[Collected data]
╔══
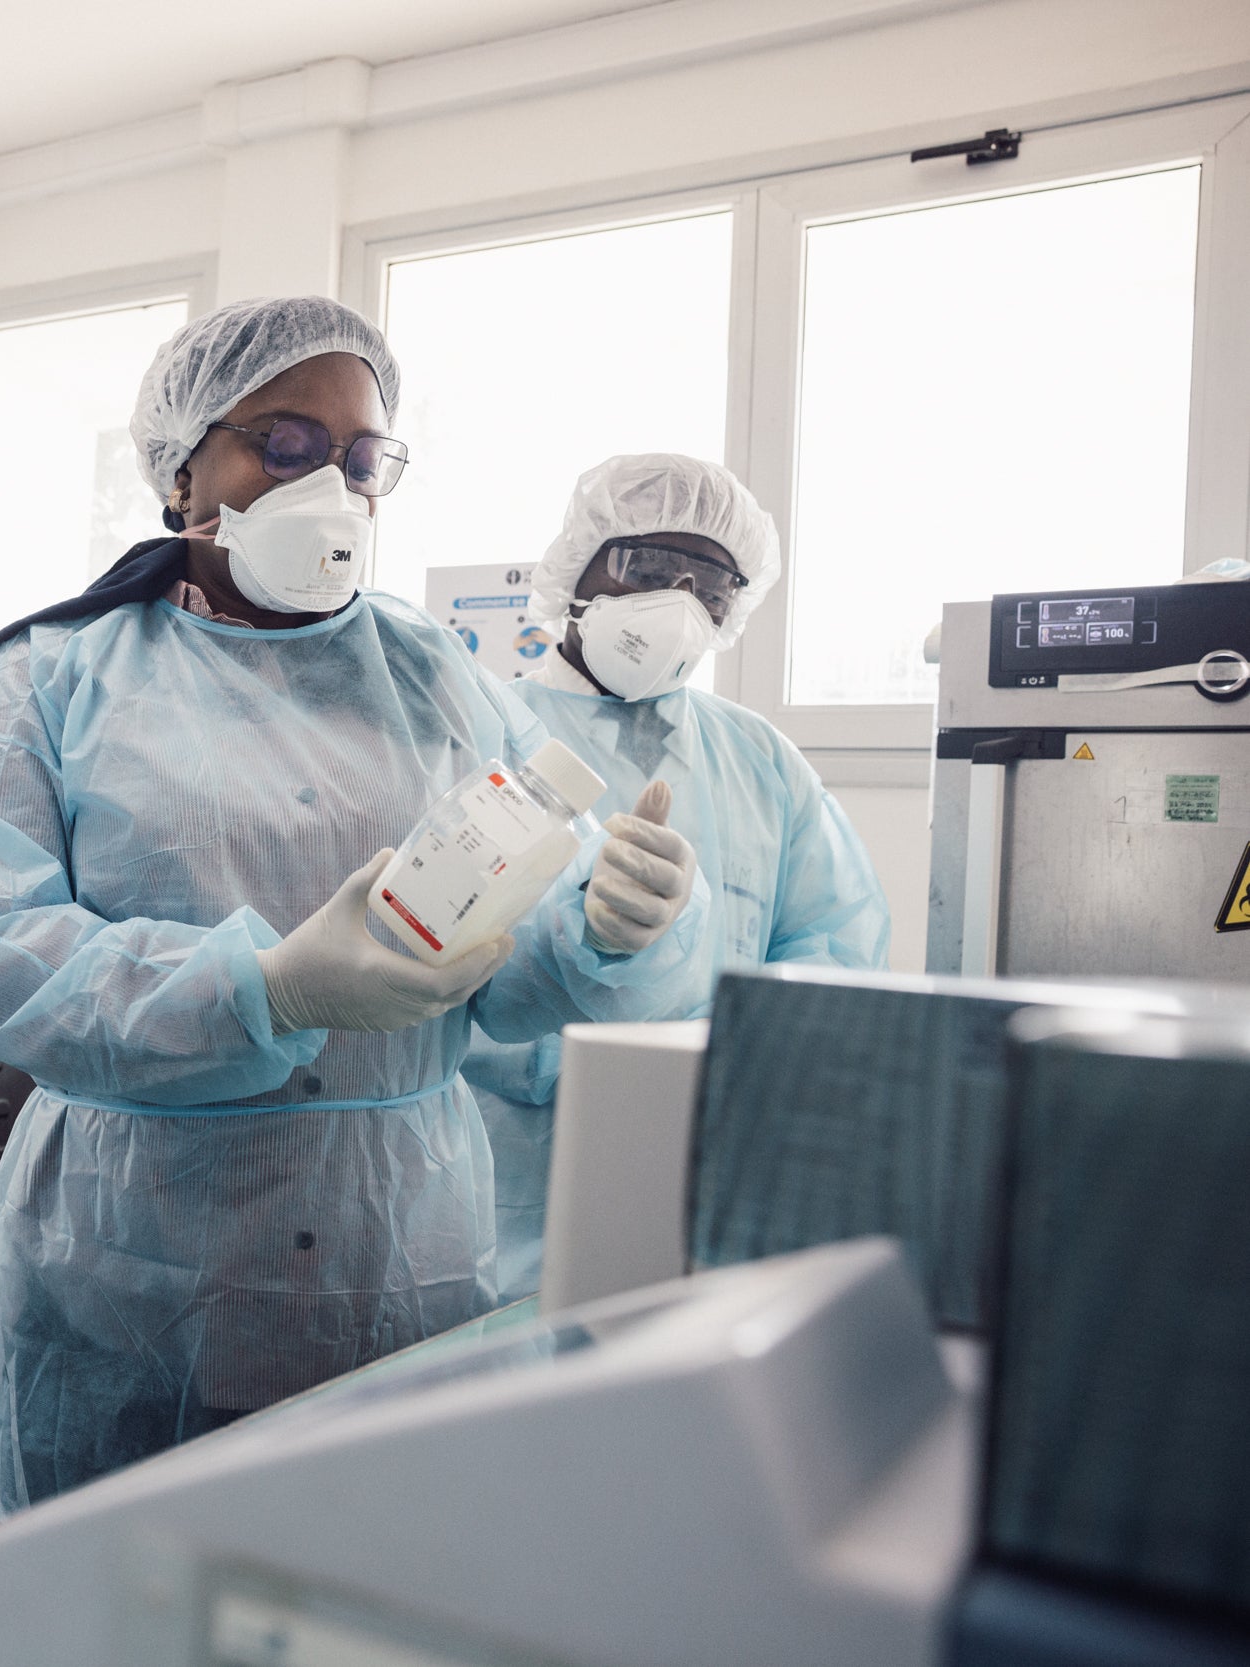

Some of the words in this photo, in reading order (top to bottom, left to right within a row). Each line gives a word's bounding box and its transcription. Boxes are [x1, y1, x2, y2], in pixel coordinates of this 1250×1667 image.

[331, 549, 352, 562] 3M
[458, 598, 510, 610] Comment
[1104, 628, 1124, 638] 100
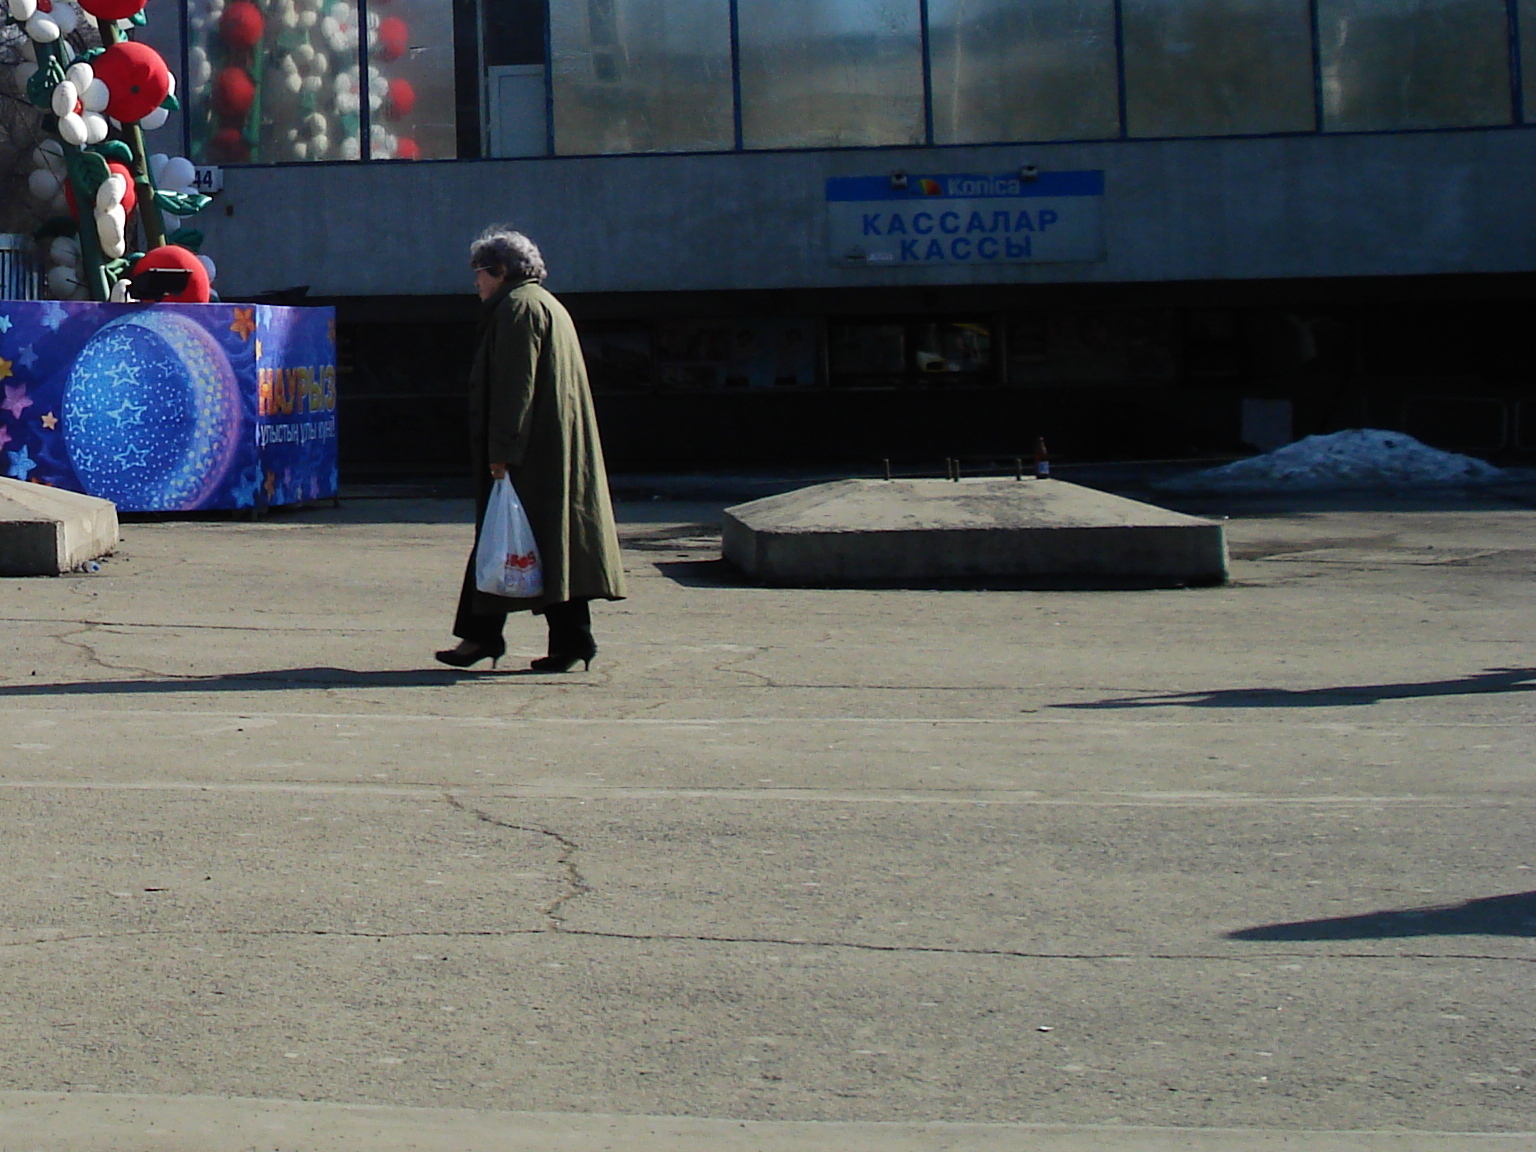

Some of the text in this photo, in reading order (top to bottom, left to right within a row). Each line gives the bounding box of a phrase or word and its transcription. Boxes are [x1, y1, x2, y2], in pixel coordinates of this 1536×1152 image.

[947, 176, 1021, 197] Konica
[862, 209, 1059, 236] КАССАЛАР
[900, 235, 1032, 262] КАССЫ
[259, 365, 337, 416] НАУРЫЗ
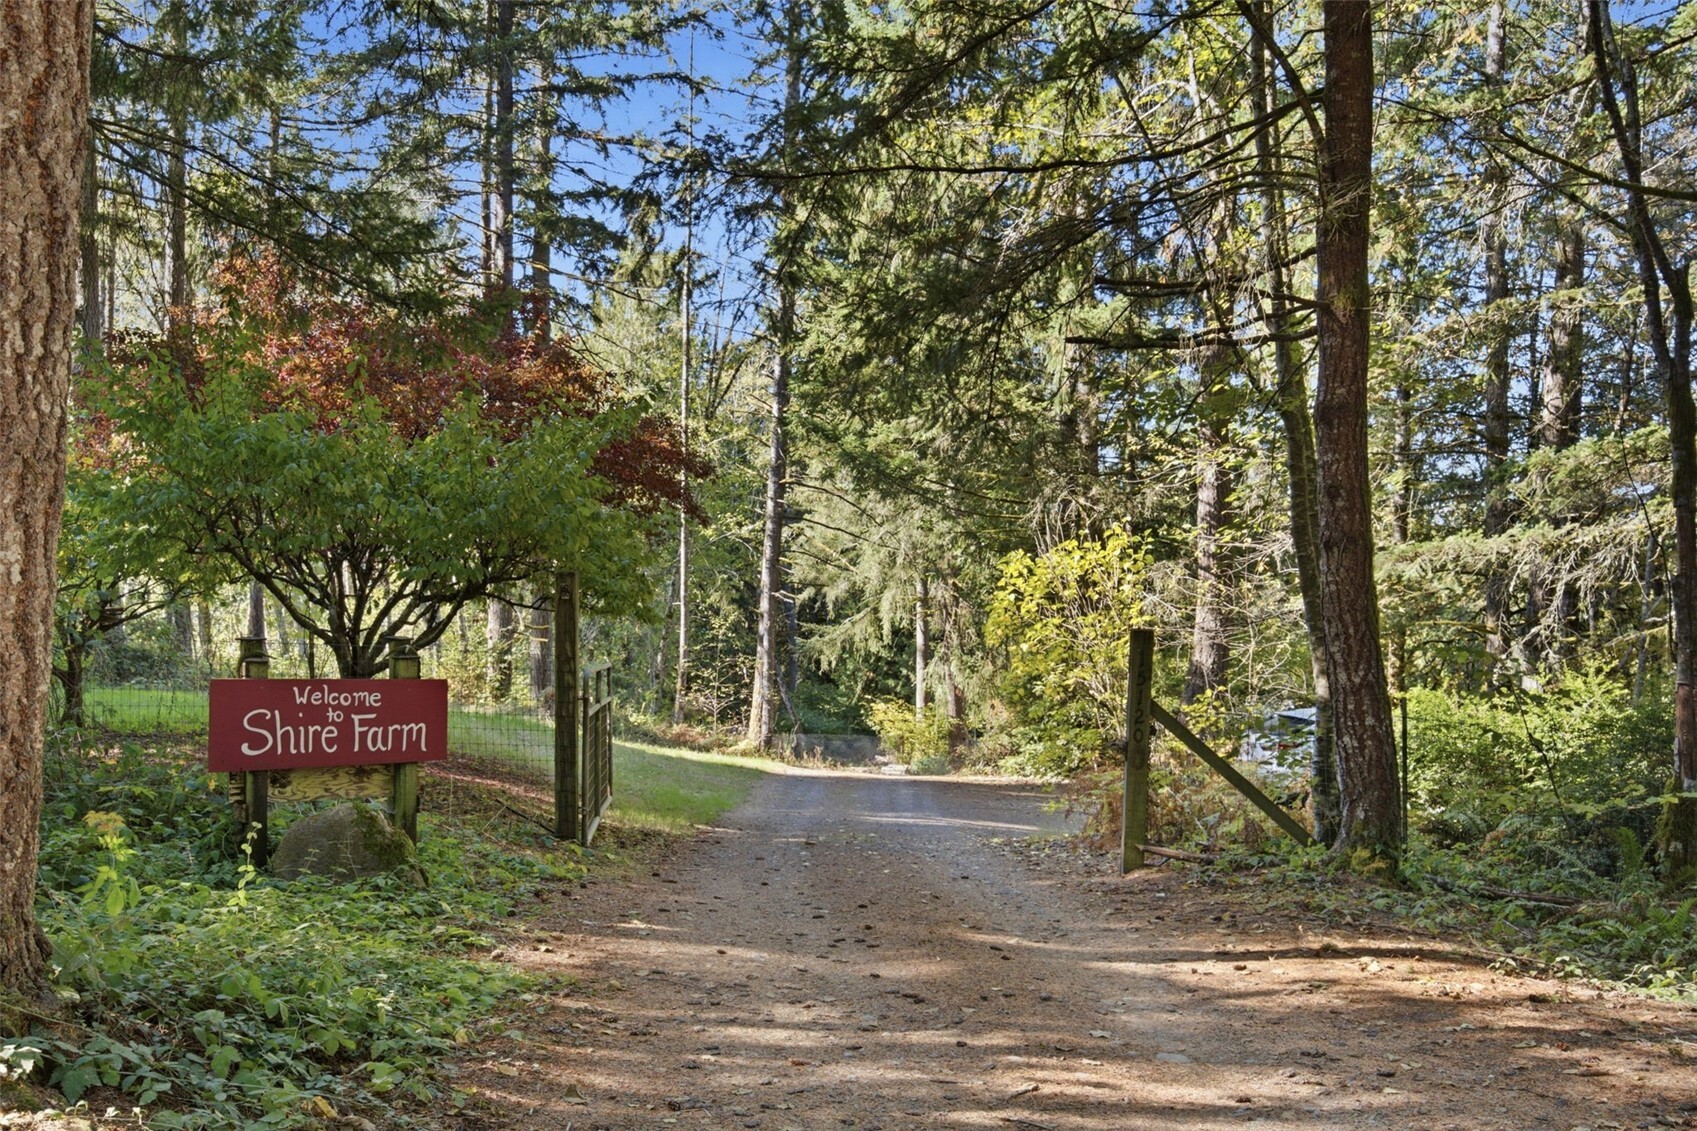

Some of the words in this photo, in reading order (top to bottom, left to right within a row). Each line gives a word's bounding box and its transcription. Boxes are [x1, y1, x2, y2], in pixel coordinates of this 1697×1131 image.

[293, 684, 382, 707] Welcome
[326, 707, 344, 723] to
[240, 708, 338, 756] Shire
[351, 713, 427, 752] Farm
╚══
• _REQUIREMENT_
Set down exactly, and only, the lines from the one containing "this 1697×1131 image." to the final line of the data.

• _ANSWER TO THIS TASK_
Some of the words in this photo, in reading order (top to bottom, left to right within a row). Each line gives a word's bounding box and its transcription. Boxes are [x1, y1, x2, y2], in pixel coordinates of this 1697×1131 image.

[293, 684, 382, 707] Welcome
[326, 707, 344, 723] to
[240, 708, 338, 756] Shire
[351, 713, 427, 752] Farm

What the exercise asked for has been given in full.